É raríssimo um atleta admitir ou apontar um equívoco do juiz que o prejudique, como dizer, por exemplo: “Seu juiz, eu que toquei por último na bola, a lateral é do outro time”. Quando acontece, é tachado de otário e recriminado pela maioria.
O esporte expõe uma faceta perigosa do caráter humano, aquela que exige a lei somente quando agrada, ou melhor, instrumentaliza e manipula sua relação com ela de acordo com o que lhe beneficia, ou julga beneficiar.
A prisão de Lula é um exemplo extremo de como esta cisão de caráter pode se manifestar.
Os fatos são evidentes, pois de acordo o Código Penal (CP), que é literal, o processo judicial do ex-presidente ainda não foi concluído nem sequer na segunda instância, quanto mais na quarta instância como a Constituição e o CP determinam; portanto, não há margem para condenação definitiva, muito menos para uma prisão. No entanto, o juiz Sérgio Moro, mesmo sem amparo legal, encarcerou Lula em Curitiba.
Metaforicamente, é como se um árbitro de futebol apitasse o fim do jogo aos 40 minutos do segundo tempo e argumentasse que o time A, que vence por um gol, jogou melhor e, portanto, na convicção dele, é merecedor da vitória.
Na prática, Moro apitou, pegou a bola e, como um menino mimado, disse à nação: “O apito meu, a bola é minha, eu mando, acabou porque eu quero e Lula tem até amanhã, às 17h, para se entregar e ser preso.”
A torcida que queria esse resultado pouco se importou se o rito legal foi cumprido, apenas comemorou loucamente e reagiu agressivamente à outra torcida que exigia o devido cumprimento das leis.
Não vale nada se inúmeras “mesas redondas”, com especialistas, escancarem a ilegalidade cometida, que haja vídeo, com close e velocidade reduzida; a turma que quer Lula preso, fora do jogo eleitoral e político, grita e celebra o resultado final, monocraticamente definido por um juiz.
É um grande e sonoro “Foda-se a Lei!”, desde que seus desejos sejam contemplados. E, se necessário for para legitimar e garantir o resultado, mudam-se as regras no meio do campeonato, as narrativas são manipuladas, e “experts” do assunto matam a bola no peito e dão aquela famosa canetada.

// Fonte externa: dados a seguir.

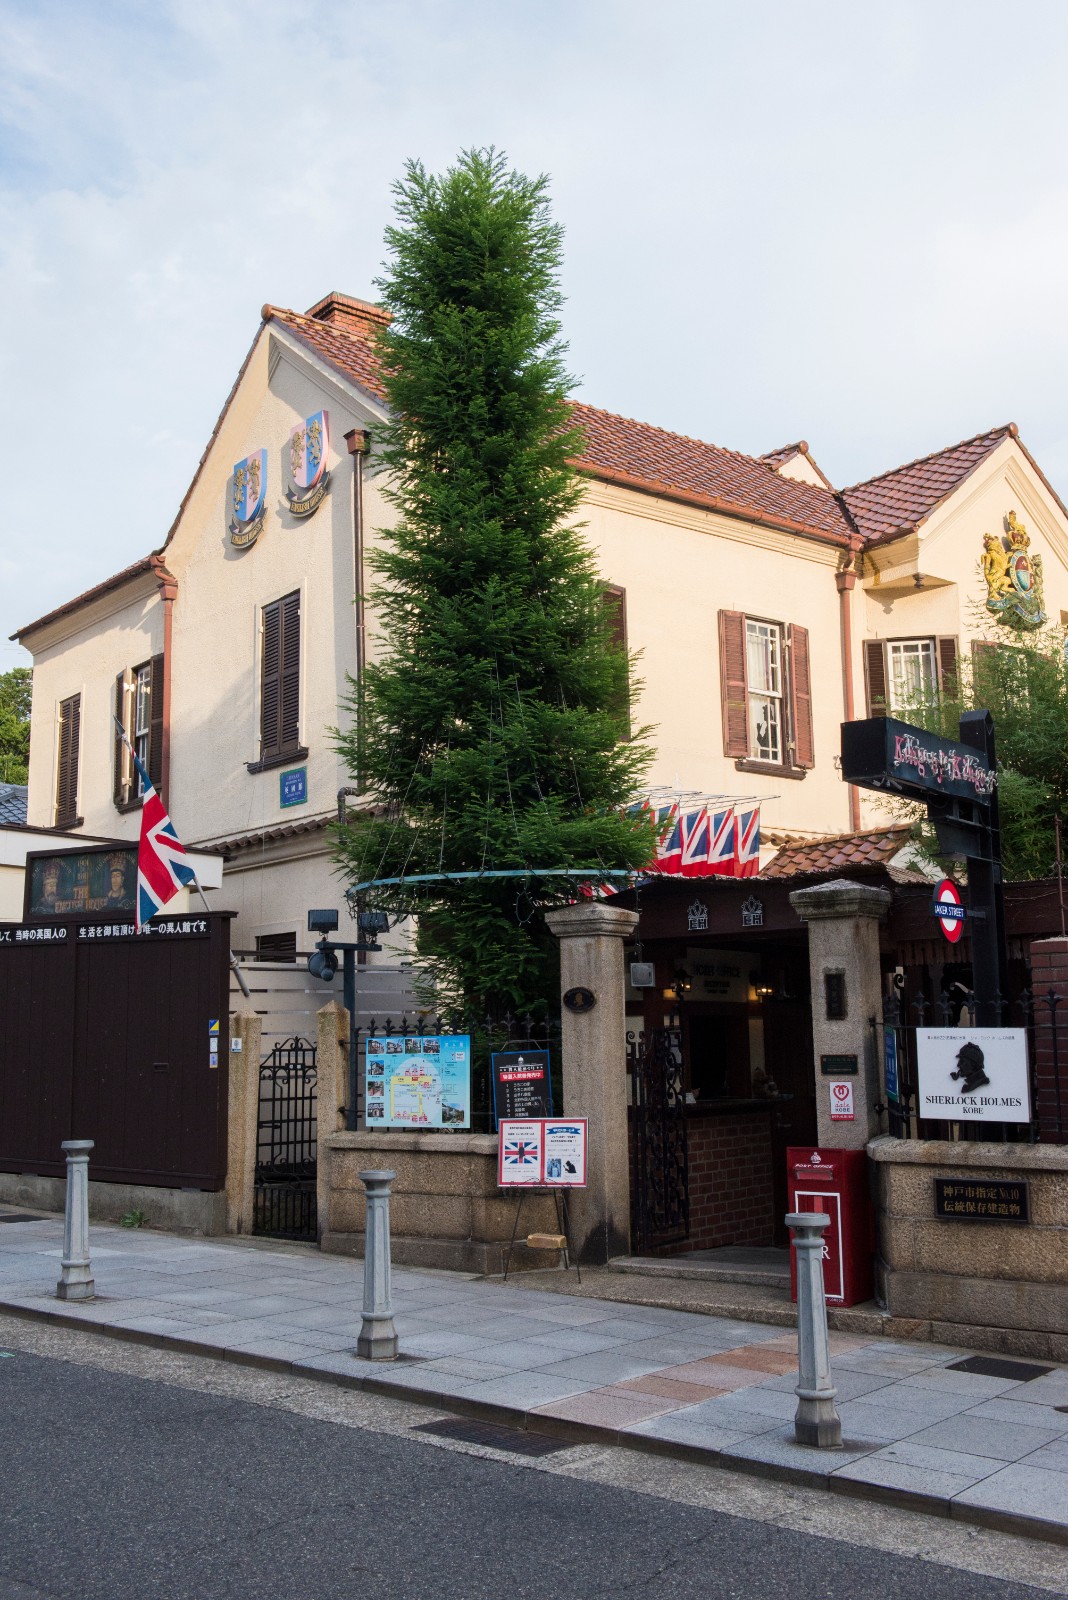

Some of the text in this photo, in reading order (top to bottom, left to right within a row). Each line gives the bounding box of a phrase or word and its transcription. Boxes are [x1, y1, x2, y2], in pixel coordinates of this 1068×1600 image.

O desastre é que não se trata de um esporte, e não se resume a um Fla x Flu. A prisão de Lula tem o potencial de destruir a democracia brasileira, que já está na quinta divisão, pois pode impedir que o político que figura o primeiro lugar isolado nas pesquisas eleitorais dispute o pleito, sequestrando, consequentemente, os votos da maioria dos brasileiros.
Se as regras do jogo judicial e eleitoral permanecerem à mercê do desrespeito autoritário de juízes, e, em razão disso, Lula não competir ao cargo de Presidente da República em outubro próximo, entraremos definitivamente no campo anti-democrático, em que qualquer violência poderá ter a conivência estatal e aplausos de uma arquibancada que não entende que a próxima vítima será ela.